That’s the science behind “crowd sourcing”.
The art is in determining whether or not the opinion of that particular group is worth a damn.
That’s where Suit757 can help.
If you follow the on-line reviews, the line of customers out the door and the snake of tail lights queued up at the take out window of Callahan Barbecue, there is no doubt this is by far the most popular place to eat in this small Southern town near the Florida/Georgia state line.
But what does a motley crowd of good ol’ boys and gals dressed head-to-toe in camouflage, Florida Gators or Georgia Bulldog gear really know about world class barbecue and fried chicken?
That’s just what I did.
Even though the clock had barely budged past 11am, Callahan Barbecue was packed. As my line inched closer to the perky high school girl at the cash register, I faced a dilemma.
Barbecue or chicken?
The sign out front says “Callahan Barbecue.” But right underneath it says “The Chicken House.”
Well? Which is it?
In true Suits in Strange Places spirit, I chose both. Of course.
From the smoke pouring out of the chimney attached to the back of the shopping center, to the pink smoke ring evident in my chopped pork, there was no doubt this is real smoked barbecue.
But a bit dull and dry.
But in the end, the sandwich was just some dry chunks of pork on a bun.
Despite the name over the front door, clearly, the barbecue is not the reason for the 11am crowd.
Of course if I had given the Tebow jersey-wearing crowd a bit more credence, I’d have skipped the barbecue all together and just stuck to the fried chicken. Because that’s what everyone else was eating.
My respect for the opinion of this small town crowd grew immediately after my first bite into my fried chicken leg.
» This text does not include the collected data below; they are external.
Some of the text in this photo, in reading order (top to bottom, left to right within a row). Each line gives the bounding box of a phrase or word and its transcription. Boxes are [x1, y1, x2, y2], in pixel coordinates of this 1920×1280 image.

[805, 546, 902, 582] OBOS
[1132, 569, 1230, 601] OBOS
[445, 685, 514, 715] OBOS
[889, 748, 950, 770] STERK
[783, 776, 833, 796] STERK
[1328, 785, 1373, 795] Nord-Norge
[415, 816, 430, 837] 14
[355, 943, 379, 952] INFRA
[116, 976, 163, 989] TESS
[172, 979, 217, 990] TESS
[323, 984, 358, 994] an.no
Moist, tender and greasy as a Gator offensive lineman after a mid-August scrimmage, this was good fried chicken. The crust was crunchy and modestly seasoned, but tragically too easily crumbled off of the poultry skin.
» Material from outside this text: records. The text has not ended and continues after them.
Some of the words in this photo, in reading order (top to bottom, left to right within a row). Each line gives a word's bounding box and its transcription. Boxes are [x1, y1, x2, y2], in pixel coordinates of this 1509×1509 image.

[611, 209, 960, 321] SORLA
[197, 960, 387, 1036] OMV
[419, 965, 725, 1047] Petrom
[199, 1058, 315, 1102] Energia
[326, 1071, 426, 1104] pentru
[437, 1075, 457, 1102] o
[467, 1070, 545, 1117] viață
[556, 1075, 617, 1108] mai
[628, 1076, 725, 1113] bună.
My fried bird was really good. No doubt better than any other served in this rural county nestled against the Georgia state line.
But is the fried chicken up there with the very best in America? No.
Forgive me – not to take the name of Tim Tebow in vain – but I’m pretty sure most of this crowd hasn’t been to every classic fried chicken shack in America, like I have. (Although you could hit a good sampling of them on SEC road trips to Nashville, Starkville and Lexington).
That’s ultimately the limitation of “crowd sourcing”. The crowd can steer you away from places you don’t want to go and can direct you to some real good fried chicken, but the quality of the crowd’s opinion will always be limited by the quality of the crowd.
Rating: Would Wear a Free Shirt.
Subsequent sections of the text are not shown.